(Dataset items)
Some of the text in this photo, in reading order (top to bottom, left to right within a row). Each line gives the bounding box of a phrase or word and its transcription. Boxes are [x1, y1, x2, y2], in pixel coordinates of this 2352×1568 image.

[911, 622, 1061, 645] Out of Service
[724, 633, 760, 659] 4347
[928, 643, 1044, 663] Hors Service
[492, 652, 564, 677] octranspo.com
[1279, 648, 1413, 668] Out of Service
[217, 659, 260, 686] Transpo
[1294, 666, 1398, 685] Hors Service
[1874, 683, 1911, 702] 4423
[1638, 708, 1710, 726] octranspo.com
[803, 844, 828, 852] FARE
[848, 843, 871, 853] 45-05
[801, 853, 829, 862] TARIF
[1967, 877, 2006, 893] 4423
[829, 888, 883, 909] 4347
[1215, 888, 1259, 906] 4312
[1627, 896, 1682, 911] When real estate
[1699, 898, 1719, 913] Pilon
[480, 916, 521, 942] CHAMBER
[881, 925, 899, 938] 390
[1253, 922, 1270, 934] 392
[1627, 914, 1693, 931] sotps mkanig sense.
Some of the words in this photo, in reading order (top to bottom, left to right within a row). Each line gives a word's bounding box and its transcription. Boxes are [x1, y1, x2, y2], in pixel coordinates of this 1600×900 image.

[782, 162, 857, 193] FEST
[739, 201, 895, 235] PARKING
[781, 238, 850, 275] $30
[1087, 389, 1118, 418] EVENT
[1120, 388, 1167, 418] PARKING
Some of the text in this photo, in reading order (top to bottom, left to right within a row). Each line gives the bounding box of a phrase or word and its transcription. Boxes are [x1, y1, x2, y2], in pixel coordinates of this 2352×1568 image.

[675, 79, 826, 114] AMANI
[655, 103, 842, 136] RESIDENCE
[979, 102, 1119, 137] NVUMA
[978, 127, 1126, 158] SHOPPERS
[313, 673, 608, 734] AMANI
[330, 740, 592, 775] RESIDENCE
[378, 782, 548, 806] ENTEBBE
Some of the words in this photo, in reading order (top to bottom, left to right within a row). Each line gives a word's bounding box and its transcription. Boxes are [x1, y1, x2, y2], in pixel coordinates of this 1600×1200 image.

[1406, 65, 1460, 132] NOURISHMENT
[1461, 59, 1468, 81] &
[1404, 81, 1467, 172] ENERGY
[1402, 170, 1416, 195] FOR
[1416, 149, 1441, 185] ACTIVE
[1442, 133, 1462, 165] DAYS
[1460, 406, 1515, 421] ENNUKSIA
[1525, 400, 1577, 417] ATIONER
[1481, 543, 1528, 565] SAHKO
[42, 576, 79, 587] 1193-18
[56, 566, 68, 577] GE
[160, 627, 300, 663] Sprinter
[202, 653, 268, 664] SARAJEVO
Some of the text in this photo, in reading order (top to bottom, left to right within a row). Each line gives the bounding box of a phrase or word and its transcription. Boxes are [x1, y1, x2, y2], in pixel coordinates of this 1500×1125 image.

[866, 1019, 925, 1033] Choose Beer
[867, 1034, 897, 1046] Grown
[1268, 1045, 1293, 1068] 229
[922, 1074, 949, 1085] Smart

YOUR GOAL = Print out all the entries above exactly.

RESULT OF THE EXERCISE =
Some of the text in this photo, in reading order (top to bottom, left to right within a row). Each line gives the bounding box of a phrase or word and its transcription. Boxes are [x1, y1, x2, y2], in pixel coordinates of this 2352×1568 image.

[911, 622, 1061, 645] Out of Service
[724, 633, 760, 659] 4347
[928, 643, 1044, 663] Hors Service
[492, 652, 564, 677] octranspo.com
[1279, 648, 1413, 668] Out of Service
[217, 659, 260, 686] Transpo
[1294, 666, 1398, 685] Hors Service
[1874, 683, 1911, 702] 4423
[1638, 708, 1710, 726] octranspo.com
[803, 844, 828, 852] FARE
[848, 843, 871, 853] 45-05
[801, 853, 829, 862] TARIF
[1967, 877, 2006, 893] 4423
[829, 888, 883, 909] 4347
[1215, 888, 1259, 906] 4312
[1627, 896, 1682, 911] When real estate
[1699, 898, 1719, 913] Pilon
[480, 916, 521, 942] CHAMBER
[881, 925, 899, 938] 390
[1253, 922, 1270, 934] 392
[1627, 914, 1693, 931] sotps mkanig sense.
Some of the words in this photo, in reading order (top to bottom, left to right within a row). Each line gives a word's bounding box and its transcription. Boxes are [x1, y1, x2, y2], in pixel coordinates of this 1600×900 image.

[782, 162, 857, 193] FEST
[739, 201, 895, 235] PARKING
[781, 238, 850, 275] $30
[1087, 389, 1118, 418] EVENT
[1120, 388, 1167, 418] PARKING
Some of the text in this photo, in reading order (top to bottom, left to right within a row). Each line gives the bounding box of a phrase or word and its transcription. Boxes are [x1, y1, x2, y2], in pixel coordinates of this 2352×1568 image.

[675, 79, 826, 114] AMANI
[655, 103, 842, 136] RESIDENCE
[979, 102, 1119, 137] NVUMA
[978, 127, 1126, 158] SHOPPERS
[313, 673, 608, 734] AMANI
[330, 740, 592, 775] RESIDENCE
[378, 782, 548, 806] ENTEBBE
Some of the words in this photo, in reading order (top to bottom, left to right within a row). Each line gives a word's bounding box and its transcription. Boxes are [x1, y1, x2, y2], in pixel coordinates of this 1600×1200 image.

[1406, 65, 1460, 132] NOURISHMENT
[1461, 59, 1468, 81] &
[1404, 81, 1467, 172] ENERGY
[1402, 170, 1416, 195] FOR
[1416, 149, 1441, 185] ACTIVE
[1442, 133, 1462, 165] DAYS
[1460, 406, 1515, 421] ENNUKSIA
[1525, 400, 1577, 417] ATIONER
[1481, 543, 1528, 565] SAHKO
[42, 576, 79, 587] 1193-18
[56, 566, 68, 577] GE
[160, 627, 300, 663] Sprinter
[202, 653, 268, 664] SARAJEVO
Some of the text in this photo, in reading order (top to bottom, left to right within a row). Each line gives the bounding box of a phrase or word and its transcription. Boxes are [x1, y1, x2, y2], in pixel coordinates of this 1500×1125 image.

[866, 1019, 925, 1033] Choose Beer
[867, 1034, 897, 1046] Grown
[1268, 1045, 1293, 1068] 229
[922, 1074, 949, 1085] Smart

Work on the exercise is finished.